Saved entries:

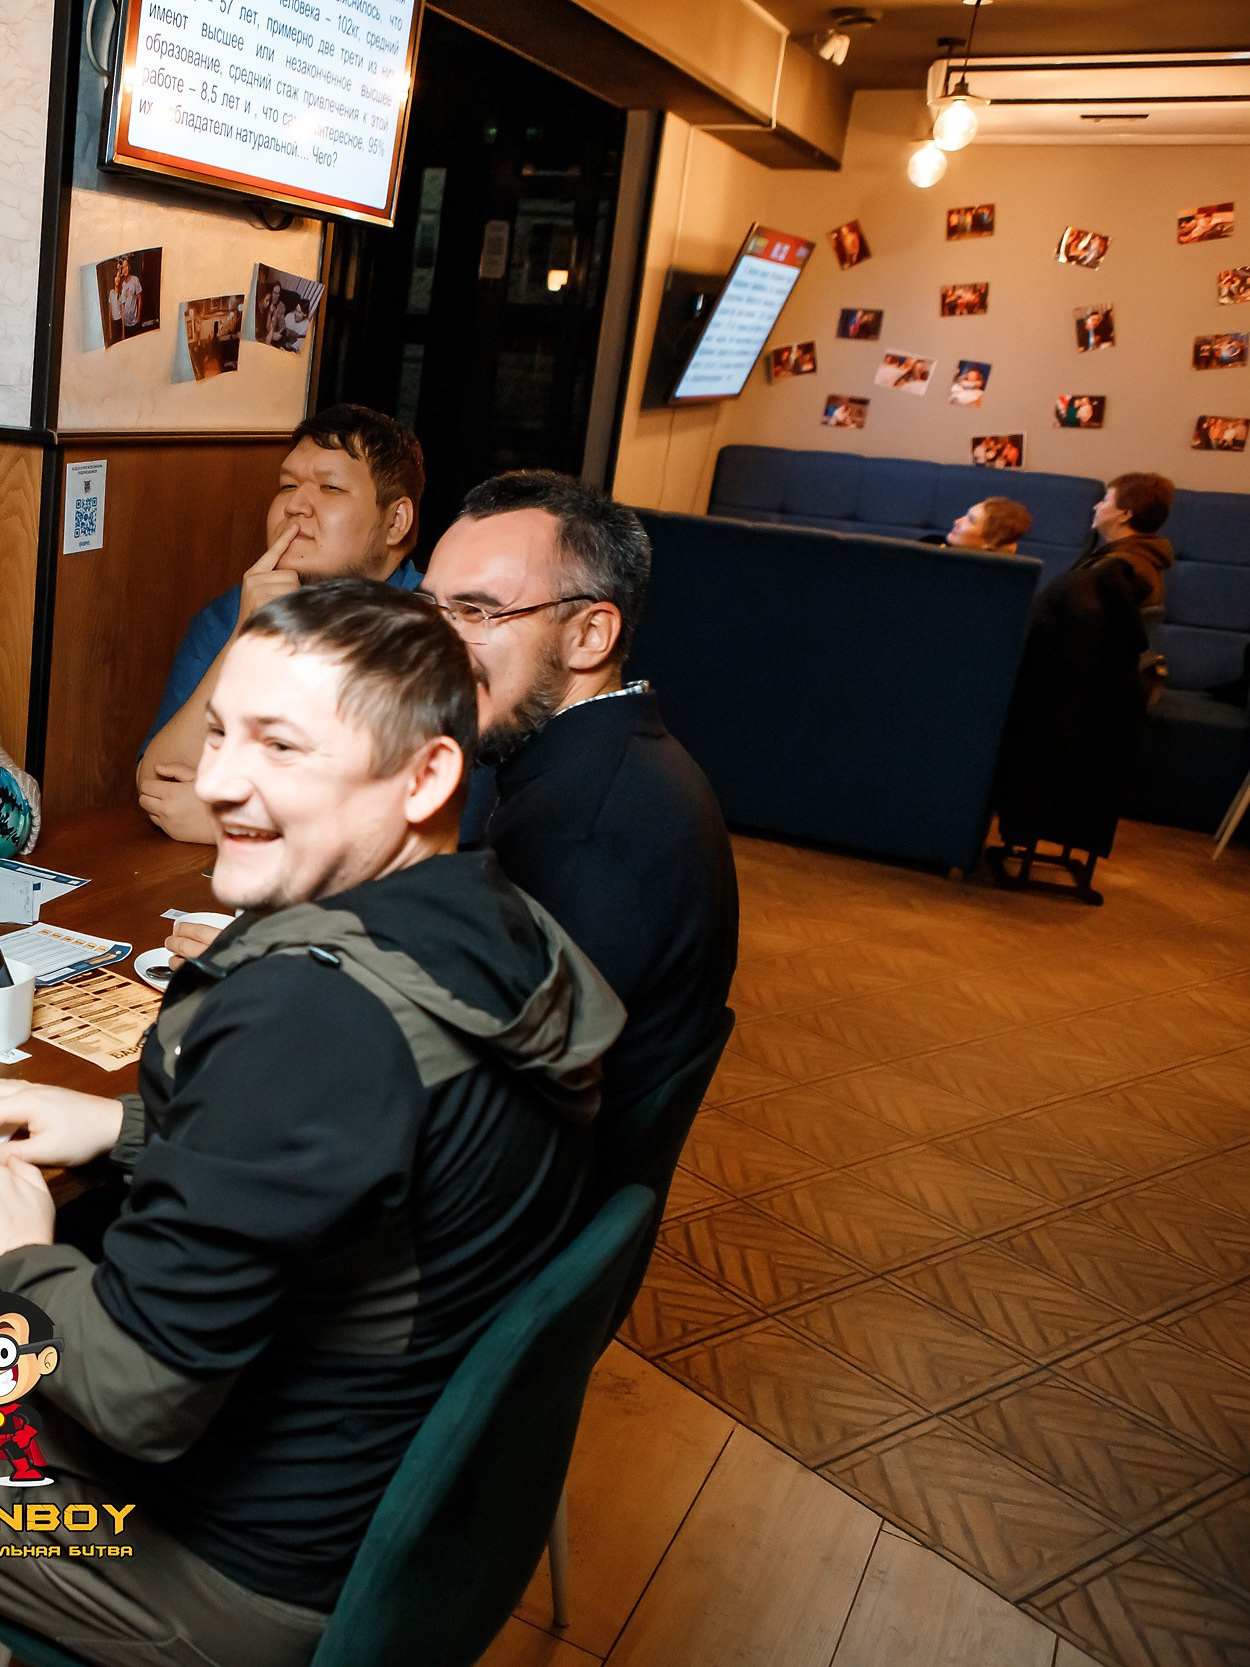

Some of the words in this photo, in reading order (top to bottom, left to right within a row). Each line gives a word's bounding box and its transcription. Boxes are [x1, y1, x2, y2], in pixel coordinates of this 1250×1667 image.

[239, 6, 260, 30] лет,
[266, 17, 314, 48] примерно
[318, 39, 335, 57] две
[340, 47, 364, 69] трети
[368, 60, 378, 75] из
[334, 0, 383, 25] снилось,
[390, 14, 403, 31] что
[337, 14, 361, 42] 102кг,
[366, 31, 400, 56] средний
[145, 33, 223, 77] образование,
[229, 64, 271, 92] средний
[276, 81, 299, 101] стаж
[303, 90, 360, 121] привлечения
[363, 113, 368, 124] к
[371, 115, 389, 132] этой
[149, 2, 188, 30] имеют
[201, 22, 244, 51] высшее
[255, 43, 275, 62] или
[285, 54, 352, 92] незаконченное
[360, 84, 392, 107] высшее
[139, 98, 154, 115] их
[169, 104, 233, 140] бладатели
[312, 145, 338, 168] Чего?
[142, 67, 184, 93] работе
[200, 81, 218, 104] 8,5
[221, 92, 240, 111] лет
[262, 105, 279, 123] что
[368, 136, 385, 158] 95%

● Exercise aim: The records above are to be duplicated exactly, pictures left out.

● The answer:
Some of the words in this photo, in reading order (top to bottom, left to right within a row). Each line gives a word's bounding box and its transcription. Boxes are [x1, y1, x2, y2], in pixel coordinates of this 1250×1667 image.

[239, 6, 260, 30] лет,
[266, 17, 314, 48] примерно
[318, 39, 335, 57] две
[340, 47, 364, 69] трети
[368, 60, 378, 75] из
[334, 0, 383, 25] снилось,
[390, 14, 403, 31] что
[337, 14, 361, 42] 102кг,
[366, 31, 400, 56] средний
[145, 33, 223, 77] образование,
[229, 64, 271, 92] средний
[276, 81, 299, 101] стаж
[303, 90, 360, 121] привлечения
[363, 113, 368, 124] к
[371, 115, 389, 132] этой
[149, 2, 188, 30] имеют
[201, 22, 244, 51] высшее
[255, 43, 275, 62] или
[285, 54, 352, 92] незаконченное
[360, 84, 392, 107] высшее
[139, 98, 154, 115] их
[169, 104, 233, 140] бладатели
[312, 145, 338, 168] Чего?
[142, 67, 184, 93] работе
[200, 81, 218, 104] 8,5
[221, 92, 240, 111] лет
[262, 105, 279, 123] что
[368, 136, 385, 158] 95%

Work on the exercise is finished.